Sunday 25 April 2021

Lyric Captions

Praise the Lord and Pass the Microphone

The Digital Audio Workstation "Ableton Live" works almost as well with full video files as it does with audio samples, but has no native facility to add lyric captions to a musical video, nor to generate the necessary caption format files to upload to video services like YouTube. Having produced a full square sixteen of Paul O'Brien's song recordings, and in the process almost accidentally created an equal number of "live" performance videos, I wanted the ability to add closed captions containing the song lyrics.

Oh, and it had to be free and quick and easy. There are commercial solutions available, but I didn't want to spend one cent. If you search the intertubes for "Ableton Lyrics" today, most of your results will be from American "worship sites", and a little thought will reveal the reason for that. Obviously this is a bit removed from my particular use case.

There are also automatic options. The AIs may be coming for all of our jobs, and speech recognition is certainly improving exponentially as we, erm, speak. But it's not quite there yet as far as the singing voice is concerned. I mean, just look at this effort.

So it has to be accurate too, but within limits. We're not building a karaoke machine complete with bouncing ball. One-second accuracy should be adequate for the display of each line of the lyrics, so the listener can follow along with the performance.

SubRip File Format

Most subtitles distributed on the internet, for example those ripped from movie DVDs, use a file format called - for obvious reasons - SubRip. Since this format is one of the two most popular currently supported for videos uploaded to YouTube or Google Drive (the other being SubViewer, support for which was added later) I settled on it initially for this project.
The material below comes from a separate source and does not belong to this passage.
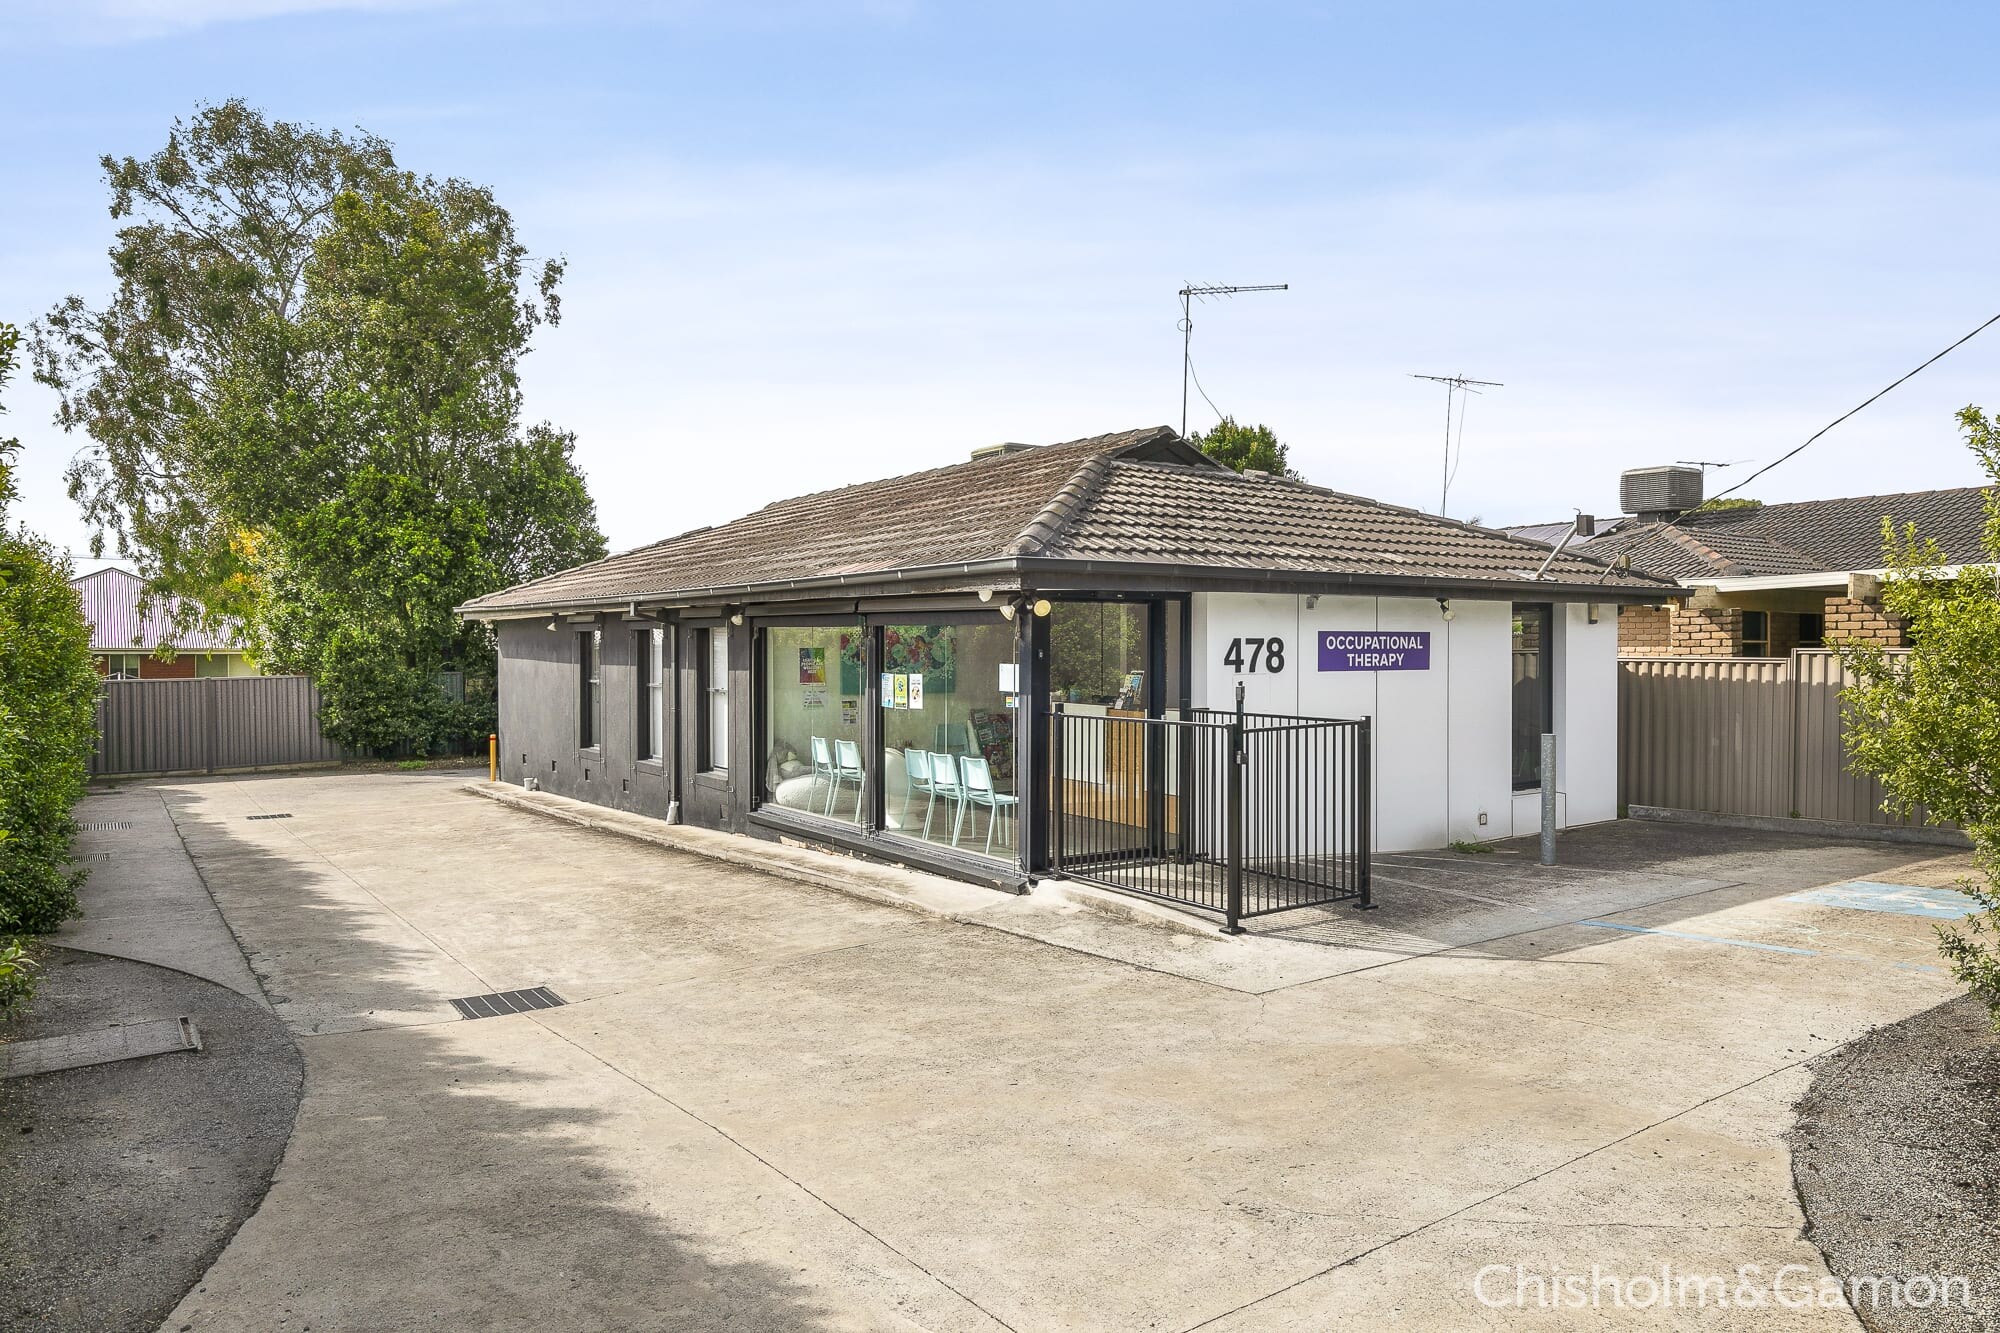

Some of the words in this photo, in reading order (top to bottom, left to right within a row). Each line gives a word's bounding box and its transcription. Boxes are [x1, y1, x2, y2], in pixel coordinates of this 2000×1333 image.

SubRip is a very simple text format: each text entity (line of dialog or song lyric) is preceded by a header containing its index (line) number and the start and stop times for its display on screen, and followed by a blank line. Obviously any text editor could be used to produce such a file, but look how fiddly it is, even after you've determined the full list of correct values, to incorporate these time marks into the format (the milliseconds separator is a comma because SubRip was originally written in France):

"Union Card" song lyrics - Copyright © 2021 Paul O'Brien

That's the little app I ended up with, after two hours in Visual Studio - one hour for the calculation engine, and one for the user interface. Here's the code, and here's how it works: 

  1. Specify the total duration of the video file, by either entering the minutes & seconds at the foot of the form, or selecting the video or associated audio file (via menu or drag & drop) and letting the code read the relevant duration from it. This feature uses the magic of TagLibSharp.
  2. Either drag the lyrics file into the window, or paste the lyrics from the clipboard into the left panel, or right-click and select the lyrics text file to load it.
  3. The captions file appears immediately in the right panel. This text may be copied to the clipboard, or saved with a menu command.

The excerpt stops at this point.